Episode Summary by AI

I get off my desk and talk through a draining family heavy day with long calls and frustration that killed my work output. Lexi is gone and I feel the lack of physical comfort. I notice my habit of over analyzing until I do nothing. I post Blade screenshots to recruit testers and explain competitive self development with public stats, followers, accountability, team mode, solo mode, bug hunting, and week logic fixes. I review Spotify for Creators milestones and worry about missing episodes on Spotify while I reset with a written list.

Notable Quotes From This Episode, by AI

  • It's like I'm playing chess against myself and then I never do anything because I see the counter moves that could be played 5 moves ahead of time, but nothing is ever played because I don't even make the 1st move, so it's just mental chess solo royale against myself always.
  • It's pretty exciting to find these little bugs. they're not even bug just just errors. It's exciting to go through and find these errors and I guess diagnose the problems to then fix it because then from that point on, I know for a fact that whatever numbers is pumping out from that point forward are accurate and they're correct.
  • So, I don't know how this is gonna work. Long term. I don't I don't know how it's gonna, how we're gonna make this happen. But we will make it happen, and Yeah.

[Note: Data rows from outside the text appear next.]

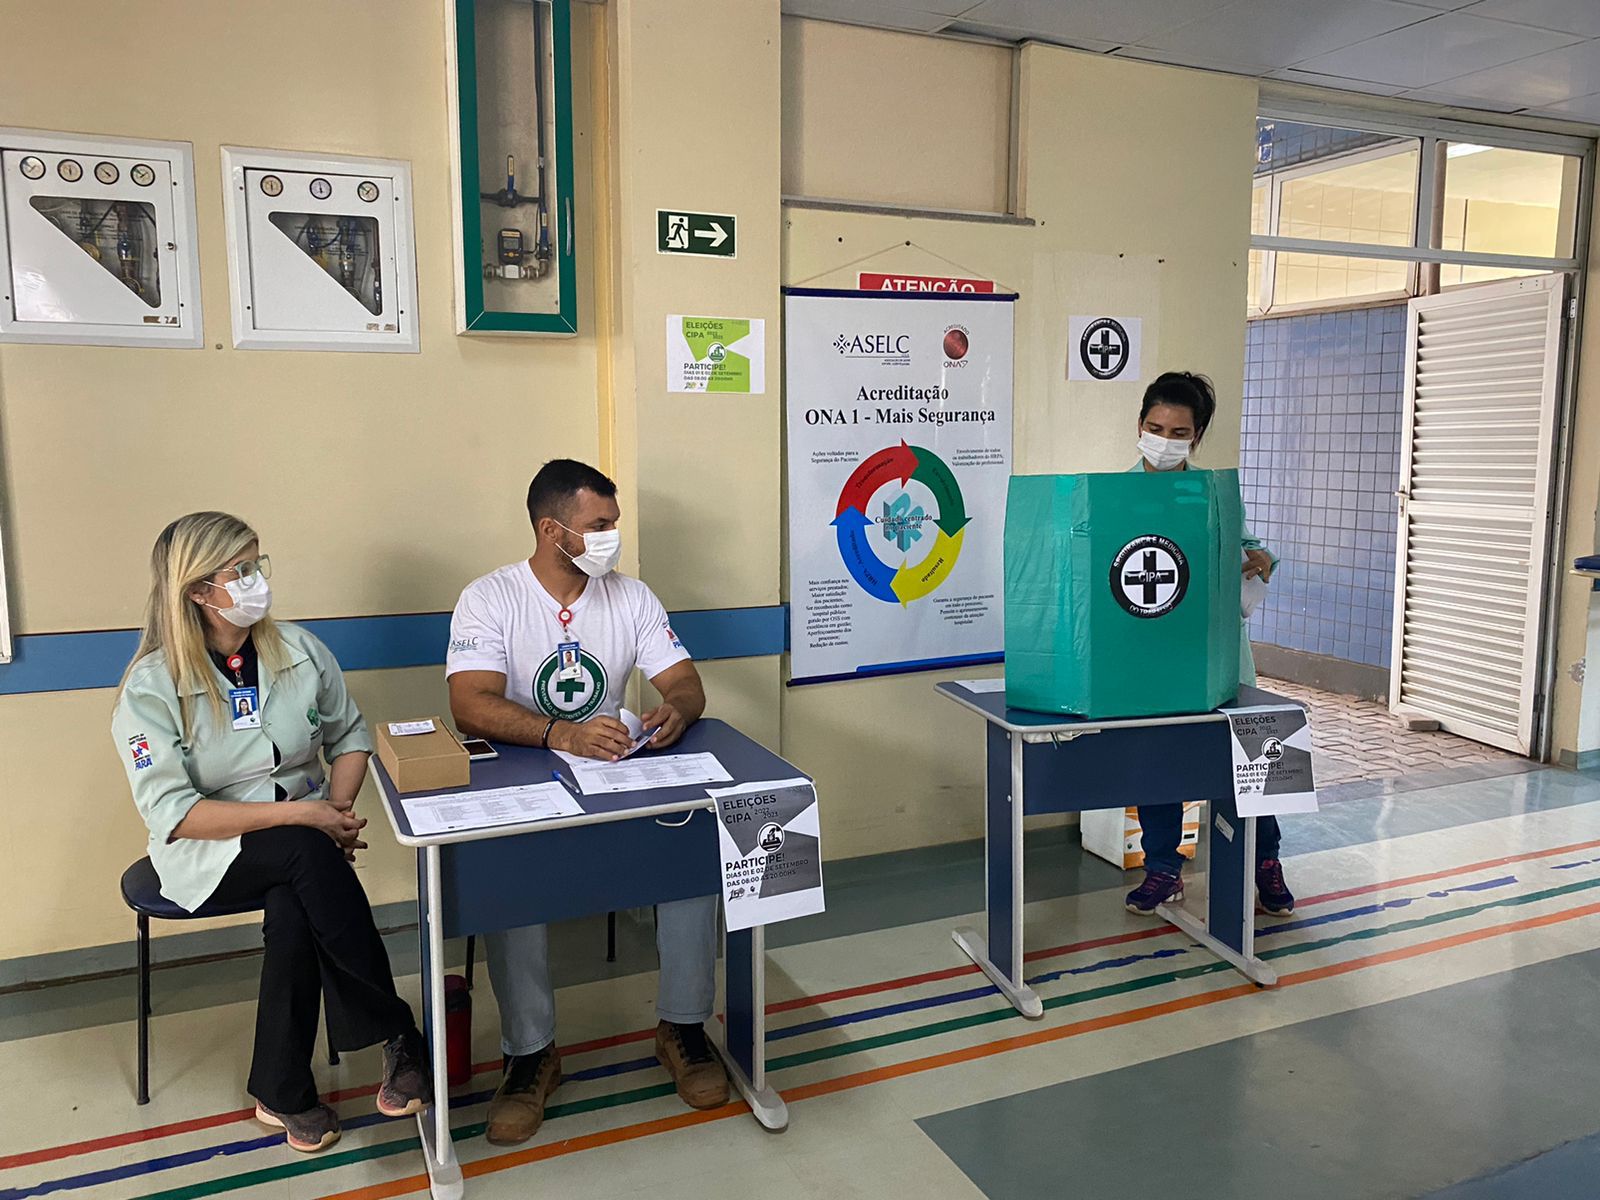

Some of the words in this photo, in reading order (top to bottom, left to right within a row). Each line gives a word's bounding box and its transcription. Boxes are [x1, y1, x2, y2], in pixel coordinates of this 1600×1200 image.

[686, 321, 723, 330] ELEIÇÕES
[850, 335, 910, 354] ASELC
[857, 385, 948, 403] Acreditação
[805, 409, 847, 425] ONA
[852, 409, 859, 424] 1
[876, 408, 913, 424] Mais
[918, 408, 995, 427] Segurança
[1158, 537, 1184, 566] MEDICINA
[921, 557, 944, 583] Resultado
[1138, 571, 1162, 582] CIPA
[541, 680, 553, 710] PREVENÇÃO
[588, 681, 601, 706] TRABALHO
[1235, 715, 1276, 725] ELEIÇÕES
[1236, 728, 1258, 736] CIPA
[1236, 761, 1284, 772] PARTICIPE!
[723, 794, 776, 810] ELEIÇÕES
[725, 812, 752, 824] CIPA
[754, 807, 770, 815] 2022
[725, 853, 785, 871] PARTICIPE!
[775, 859, 809, 870] SETEMBRO
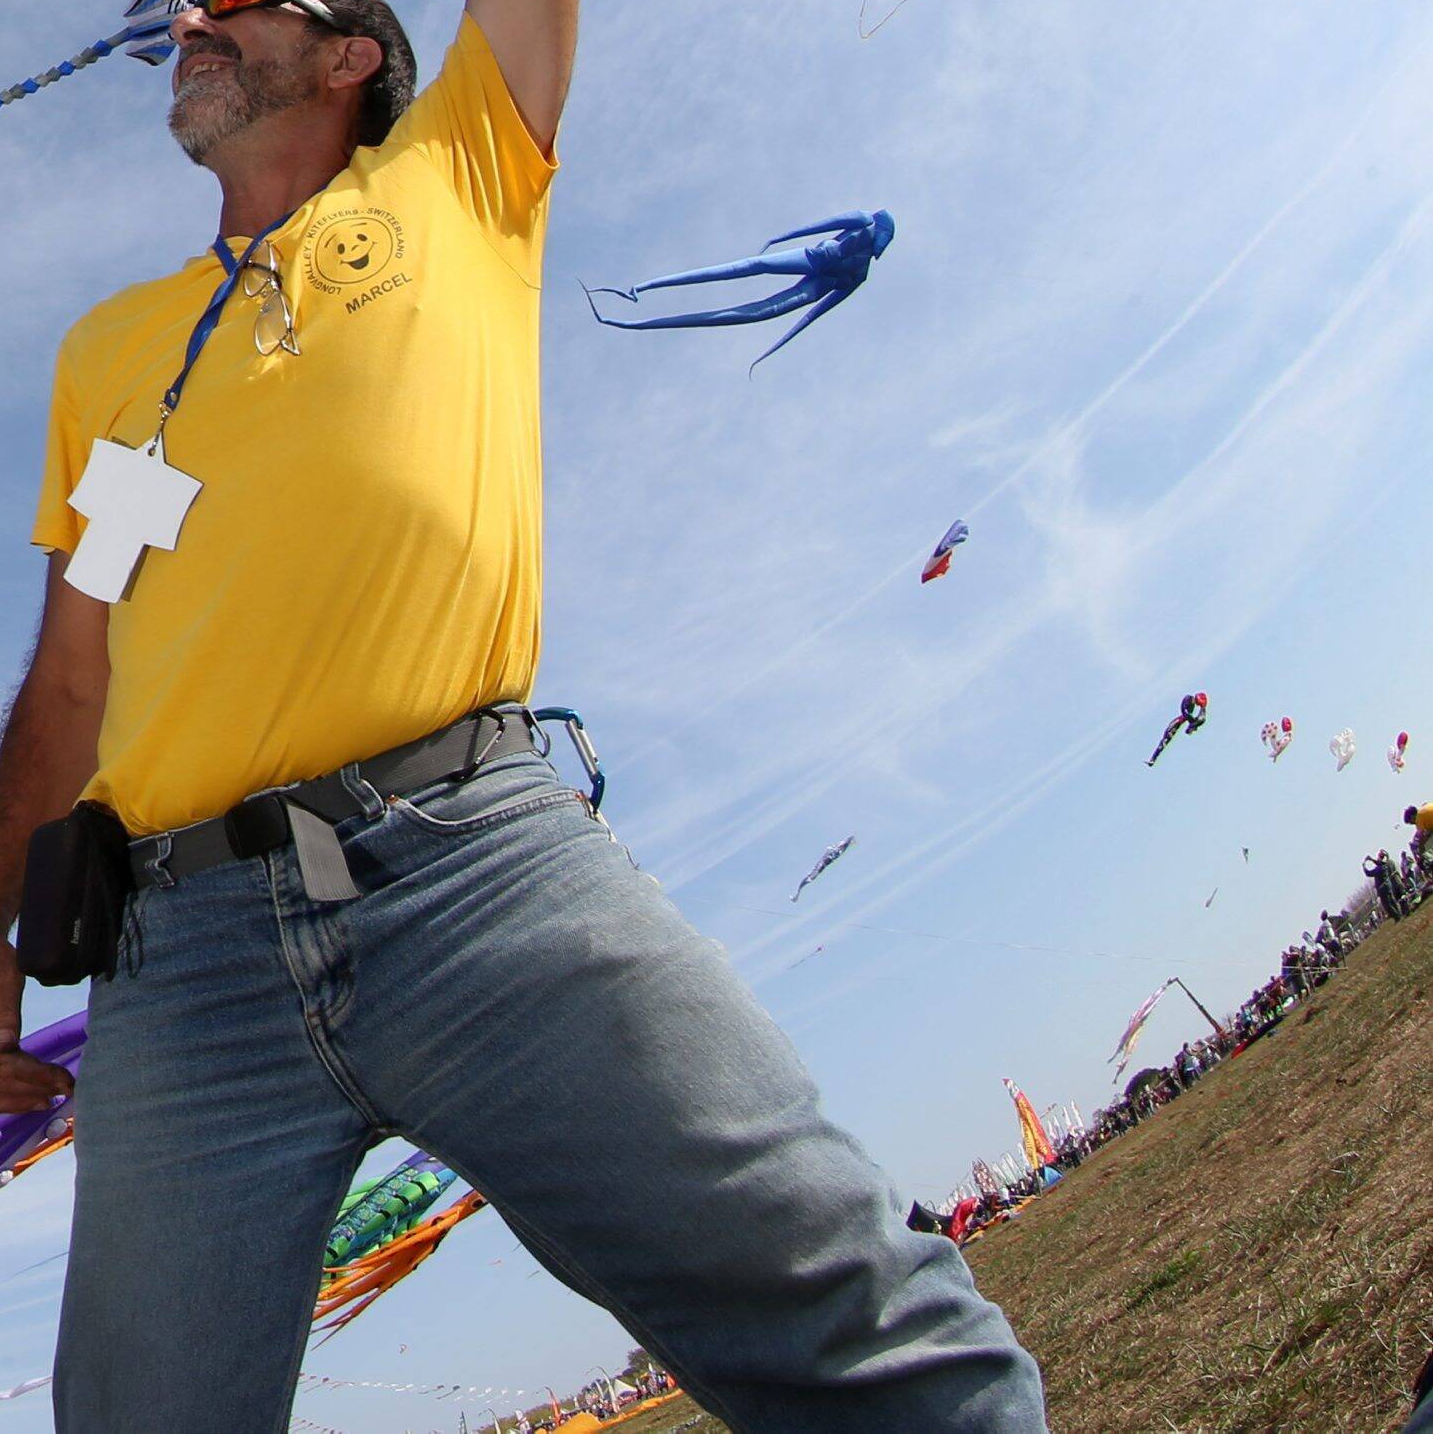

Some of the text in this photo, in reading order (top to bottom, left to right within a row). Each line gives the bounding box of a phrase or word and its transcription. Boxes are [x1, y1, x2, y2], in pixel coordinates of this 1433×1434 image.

[302, 207, 405, 295] LONGVALLEY KITEFLYERS SWITZERLAND
[345, 272, 412, 314] MARCEL
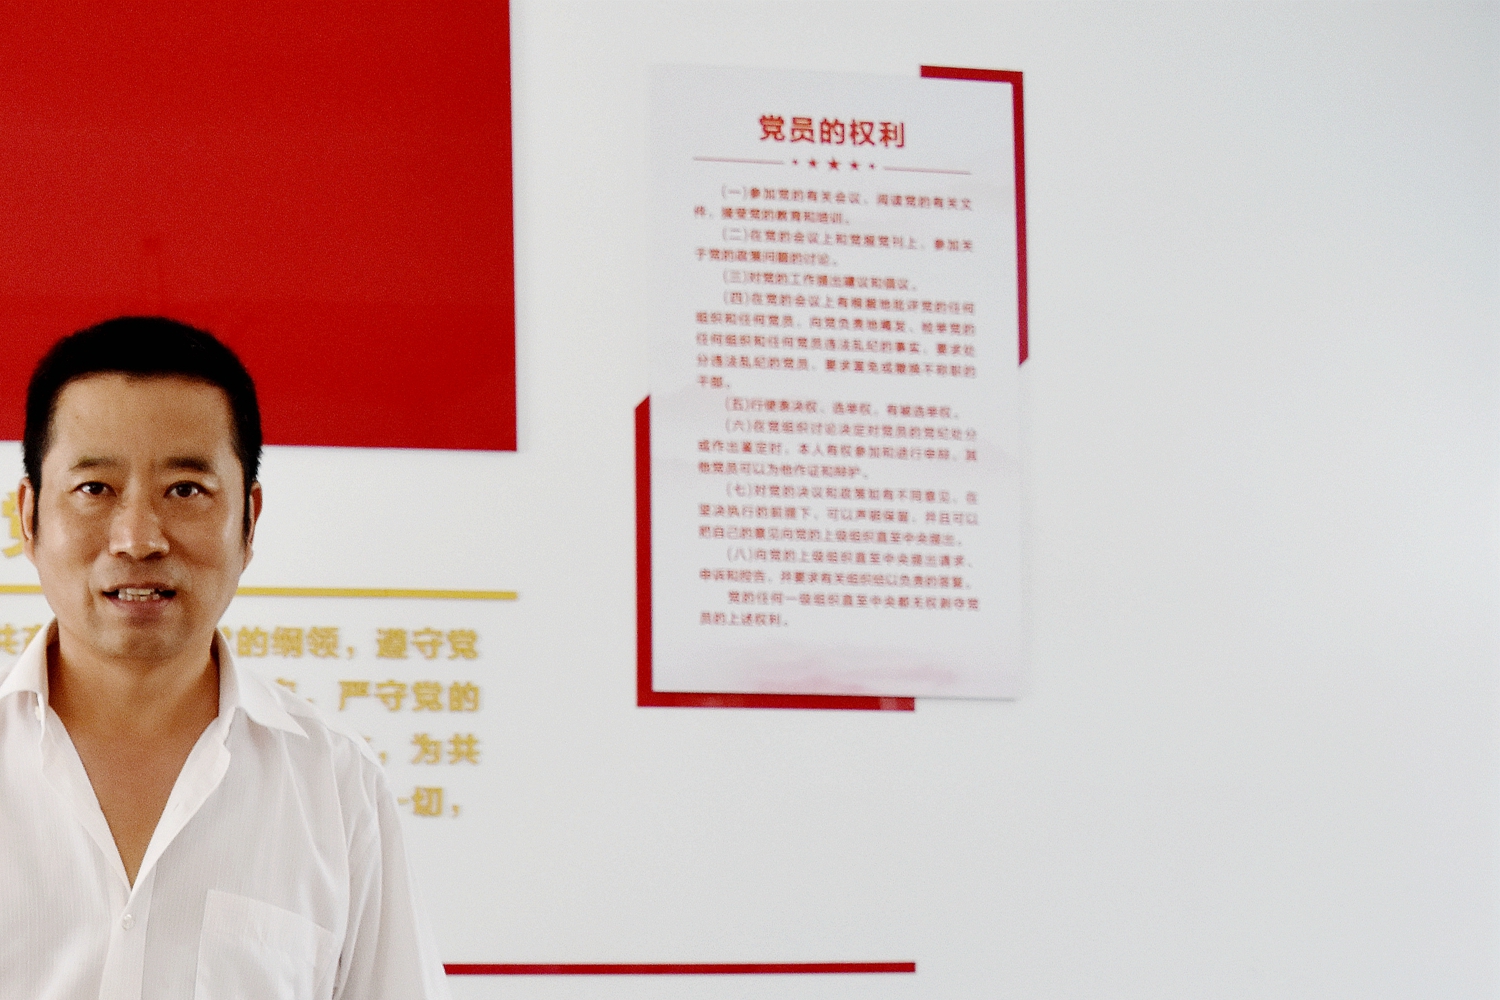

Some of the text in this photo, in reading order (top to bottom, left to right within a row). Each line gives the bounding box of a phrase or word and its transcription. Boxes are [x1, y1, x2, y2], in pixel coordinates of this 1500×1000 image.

[759, 114, 906, 149] 党员的权利
[220, 625, 480, 660] 的纲领，遵守党

Funny, Out of Context Quotes, by AI

  • It thinks my my ear is over the phone, so therefore it starts recording a voice memo, or voice messages to send. Fucking annoying, it happens all the time.
  • I don't even know 39 people. that I would talk to to share my show, so that's cool.
  • I'm walking around my kitchen. There's a lot of reverb in here. I don't give a fuck.

My Thoughts & Feelings for Today - Summarized by AI

I feel emotionally cooked from family stuff and it messed up my momentum. I miss Lexi being here and it annoys me that I even overthink how I sound when I say that. I can see how often I trap myself in mental simulations and it keeps me from acting. The bright spot is Blade progress and the satisfaction of diagnosing why numbers are wrong and fixing them. I feel grateful for the Spotify listeners but still confused by the growth labels. I feel stressed by a stacked list of obligations and I need to just knock them out.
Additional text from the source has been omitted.